Table 9 shows the scores attained on each of the VTAB-1k tasks.

Table 9: Breakdown of VTAB-1k performance across tasks.
💡 Table 9 批读: ViT-H 的 77.6 均值掩盖了巨大任务差异:Flowers102 为 99.7,而 sNORB-Azim 只有 33.2。自然图像与部分专用任务很强,结构推理和三维几何任务明显更弱;因此“平均领先”不能替代逐任务诊断。
🔖 Section 总结
附录 D 说明 ViT 的成功并不依赖某一个不可替代的技巧:Adam 只是公平且略优的基线选择,class token 可由调好学习率的 GAP 替代,多种位置编码在 patch-level 网格上接近。更关键的扩展轴是深度、token 密度与数据规模,而实际效率必须由硬件吞吐和内存验证。注意力距离与 rollout 提供了局部—全局分工的可视化证据,但这些统计和热图都不能单独充当因果解释。
关键数字
| 消融 / 评估 | 结果 | 含义 |
|---|---|---|
| ResNet50:Adam vs. SGD 平均 | 89.33 vs. 88.79 | Adam 略优,但幅度有限 |
| ResNet152x2:Adam vs. SGD 平均 | 94.01 vs. 93.72 | 支持公平基线,不代表普遍最优 |
| 无位置编码 vs. 默认 1D | 0.61382 vs. 0.64206 | “有无位置”比具体形式更重要 |
| ObjectNet ViT-H/14 | 61.7 top-1 / 82.1 top-5 | 有分布外能力,但缺少本节对照 |
| VTAB-1k ViT-H/14 | 77.6 mean | 任务间差异很大 |
核心洞察
- 消融必须连同优化超参数一起重调;否则 GAP、优化器或替代 attention 的失败可能只是配置不匹配。

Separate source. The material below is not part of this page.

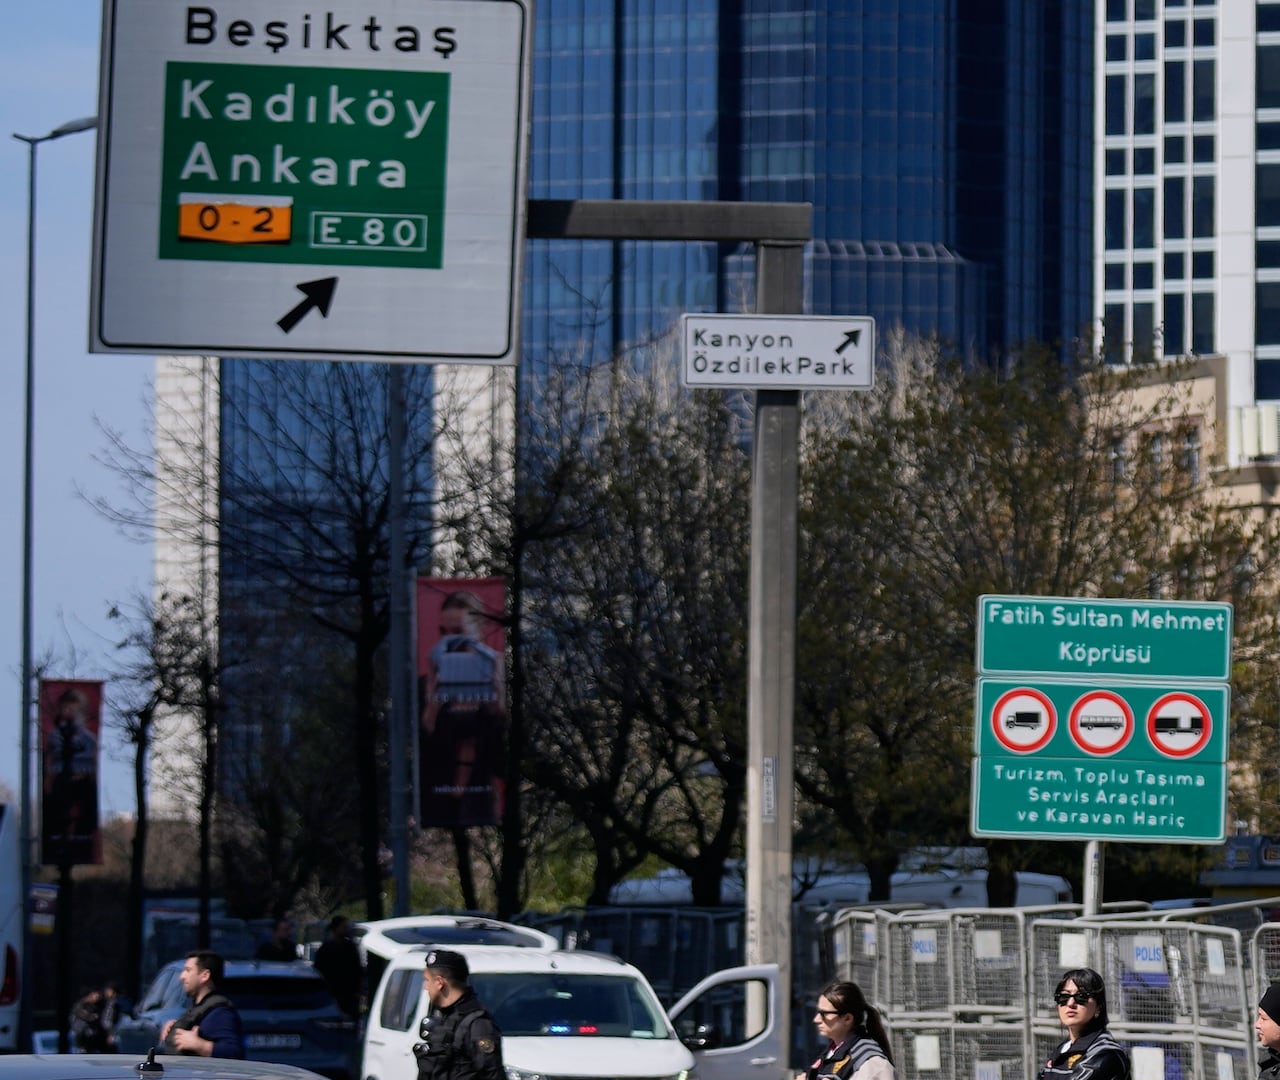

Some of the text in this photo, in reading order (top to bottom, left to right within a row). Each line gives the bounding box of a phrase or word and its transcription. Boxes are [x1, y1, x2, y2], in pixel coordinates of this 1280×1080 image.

- 扩展 ViT 时,深度和更小 patch 通常比单纯加宽更有效,但它们分别带来优化难度和二次注意力成本。
- 在 14×14 token 网格上,多种位置编码表达力相近;这一结论不应无条件外推到更高分辨率或密集预测。
- FLOPs 不能替代吞吐与显存测量,轴向注意力正是理论复杂度与硬件效率分离的反例。
- Attention distance 和 rollout 适合描述聚合范围与定性区域,不足以证明特定 token 或区域对预测具有因果作用。